(Beginning of DATA FOR THIS EXERCISE)

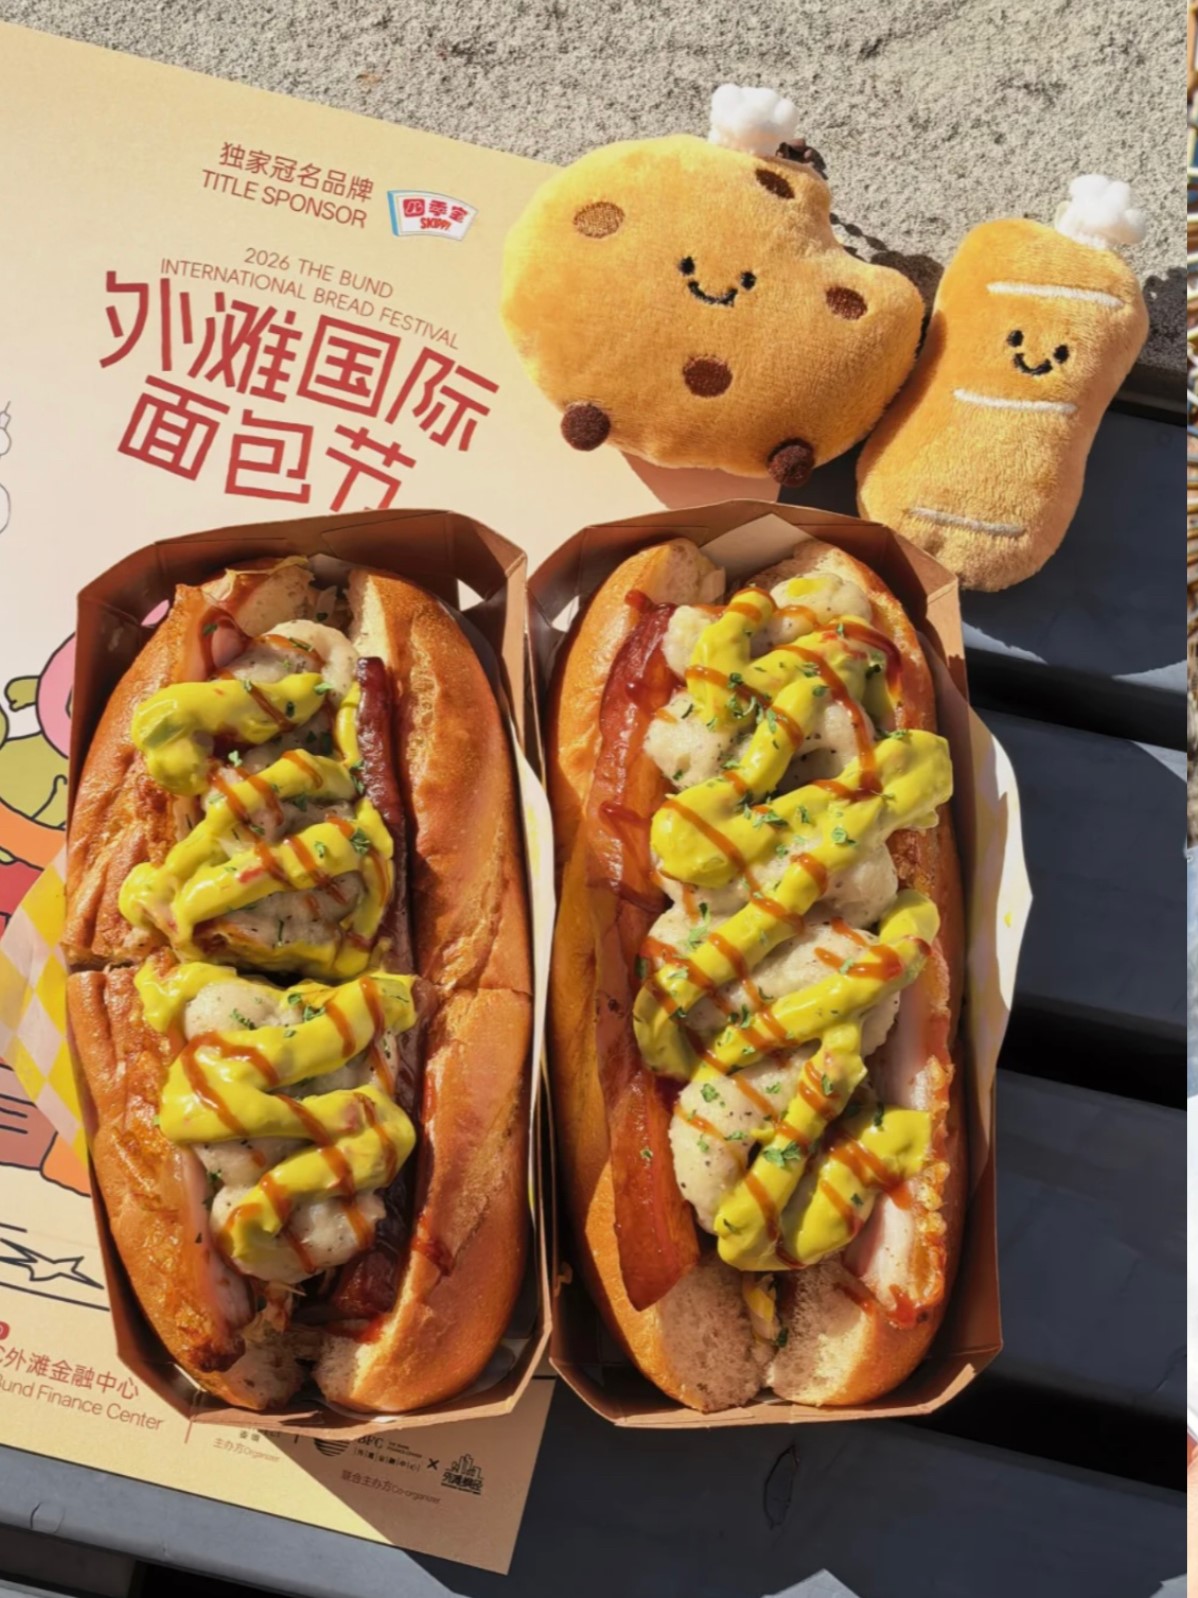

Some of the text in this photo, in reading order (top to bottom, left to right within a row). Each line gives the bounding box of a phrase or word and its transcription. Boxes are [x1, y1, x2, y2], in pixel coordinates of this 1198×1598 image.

[202, 169, 367, 229] TITLE SPONSOR
[219, 141, 374, 202] 独家冠名品牌
[244, 247, 394, 299] 2026 THE BUND
[160, 258, 460, 350] INTERNATIONAL BREAD FESTIVAL
[99, 270, 500, 452] 外滩国际
[117, 374, 417, 512] 面包节
[0, 1374, 166, 1431] und Finance Center

(End of DATA FOR THIS EXERCISE)

● **TASK DESCRIPTION**
Word for word, restate all of the records. Exclude the pictures.

● **ANSWER TO THE PROBLEM**
Some of the text in this photo, in reading order (top to bottom, left to right within a row). Each line gives the bounding box of a phrase or word and its transcription. Boxes are [x1, y1, x2, y2], in pixel coordinates of this 1198×1598 image.

[202, 169, 367, 229] TITLE SPONSOR
[219, 141, 374, 202] 独家冠名品牌
[244, 247, 394, 299] 2026 THE BUND
[160, 258, 460, 350] INTERNATIONAL BREAD FESTIVAL
[99, 270, 500, 452] 外滩国际
[117, 374, 417, 512] 面包节
[0, 1374, 166, 1431] und Finance Center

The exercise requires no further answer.